Need help syncing with syncrepl 2.3
by L.B.
Hi;
I've finally decided to make the move to syncrepl after much delay and
procrastination. I've read the guide and also reviewed several howto's
on the topic... It still isn't running correctly for me because it
doesn't replicate a few new users I've added to the provider.
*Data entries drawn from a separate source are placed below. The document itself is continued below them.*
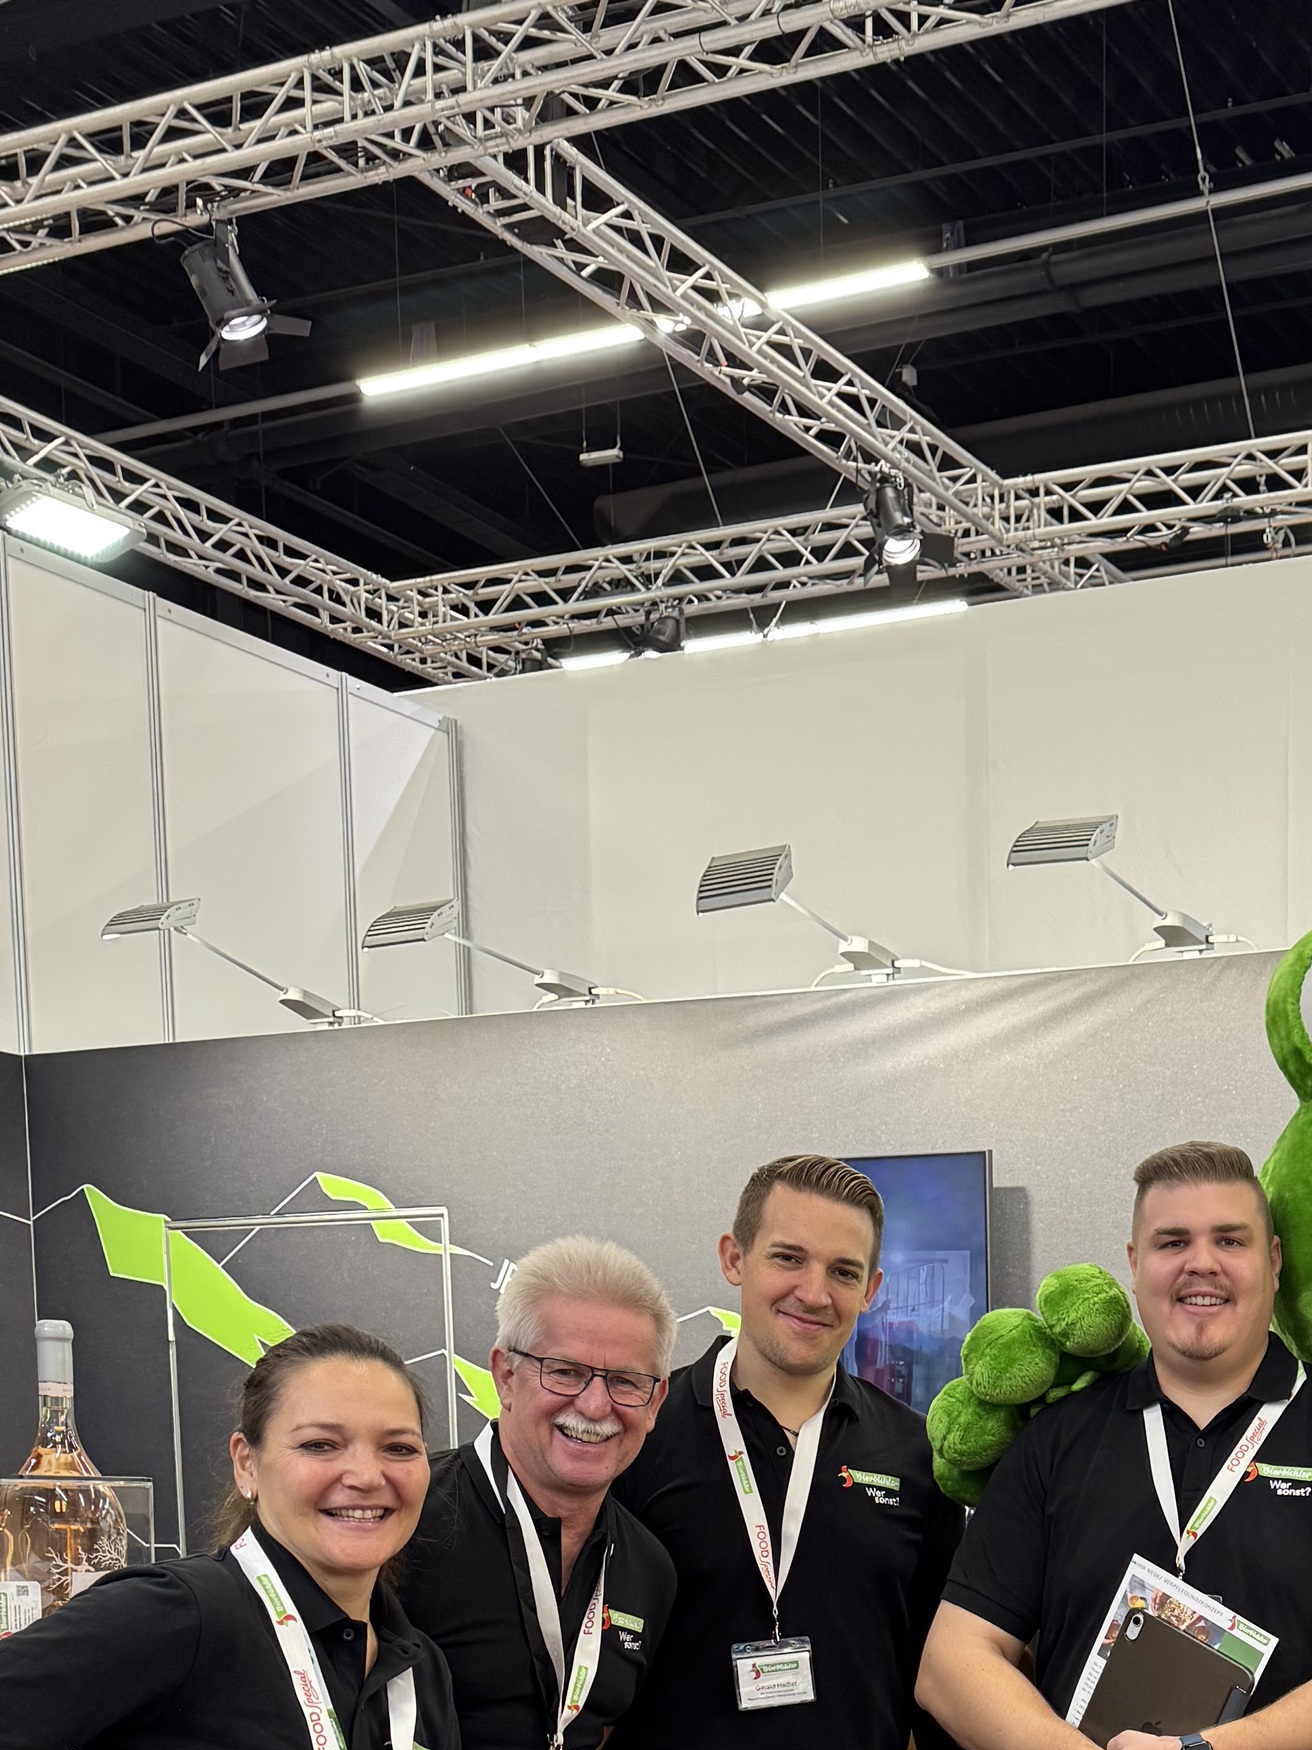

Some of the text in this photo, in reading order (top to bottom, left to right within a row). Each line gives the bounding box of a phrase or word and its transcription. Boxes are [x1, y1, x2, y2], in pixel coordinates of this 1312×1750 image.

[719, 1362, 728, 1389] FOOD
[1227, 1417, 1268, 1472] FOOD Special
[1262, 1466, 1312, 1479] Bierbichler
[1269, 1480, 1292, 1489] Wer
[866, 1487, 886, 1498] Wer
[1276, 1487, 1312, 1496] sonst?
[875, 1496, 900, 1506] sonst?
[756, 1524, 770, 1558] FOOD
[583, 1602, 597, 1635] FOOD
[618, 1631, 634, 1641] Wer
[294, 1669, 322, 1713] Special
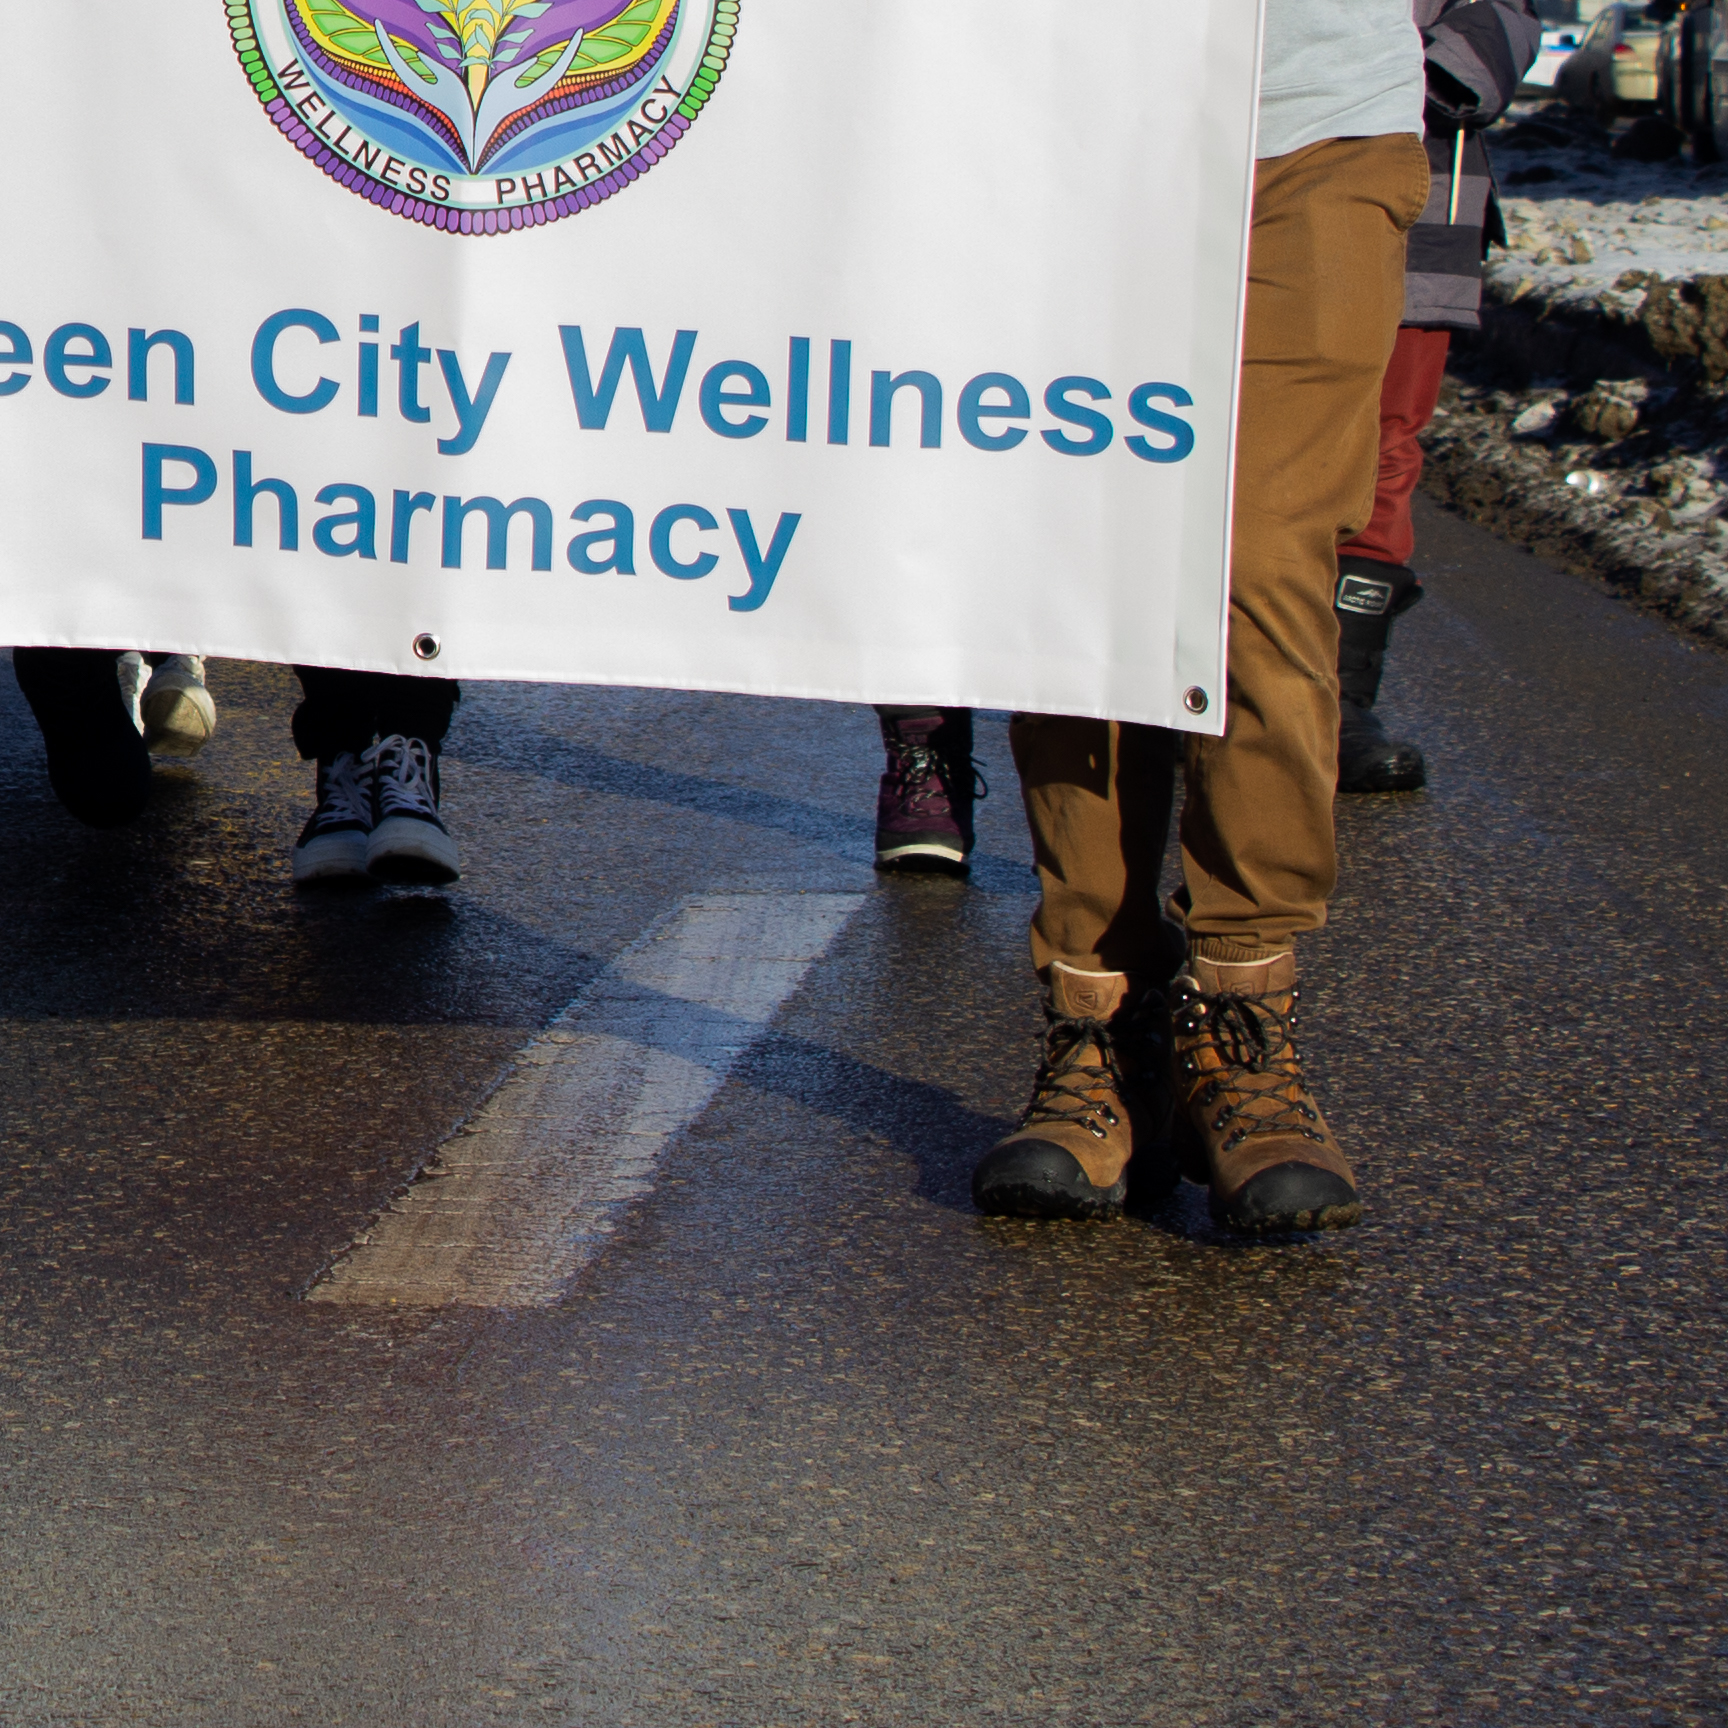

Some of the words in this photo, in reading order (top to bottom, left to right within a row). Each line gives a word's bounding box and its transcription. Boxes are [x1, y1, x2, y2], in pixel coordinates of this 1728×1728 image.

Also I'm
seeing the following issue over and over (every time it tries a sync
on my 10m interval):
#########
Mar 5 20:25:19 admin-agis01 slapd2.3[6147]: do_syncrep2: rid 001
LDAP_RES_INTERMEDIATE - SYNC_ID_SET
Mar 5 20:25:19 admin-agis01 slapd2.3[6147]: syncrepl_del_nonpresent:
rid 001 be_delete
uid=airftp,ou=SystemUsers,ou=SystemAccounts,dc=swa,dc=com (0)
Mar 5 20:25:19 admin-agis01 slapd2.3[6147]: syncrepl_entry: rid 001
LDAP_RES_SEARCH_ENTRY(LDAP_SYNC_ADD)
Mar 5 20:25:19 admin-agis01 slapd2.3[6147]: syncrepl_entry: rid 001
be_search (0)
Mar 5 20:25:19 admin-agis01 slapd2.3[6147]: syncrepl_entry: rid 001
uid=airftp,ou=SystemUsers,ou=SystemAccounts,dc=swa,dc=com
Mar 5 20:25:19 admin-agis01 slapd2.3[6147]: syncrepl_entry: rid 001 be_add (0)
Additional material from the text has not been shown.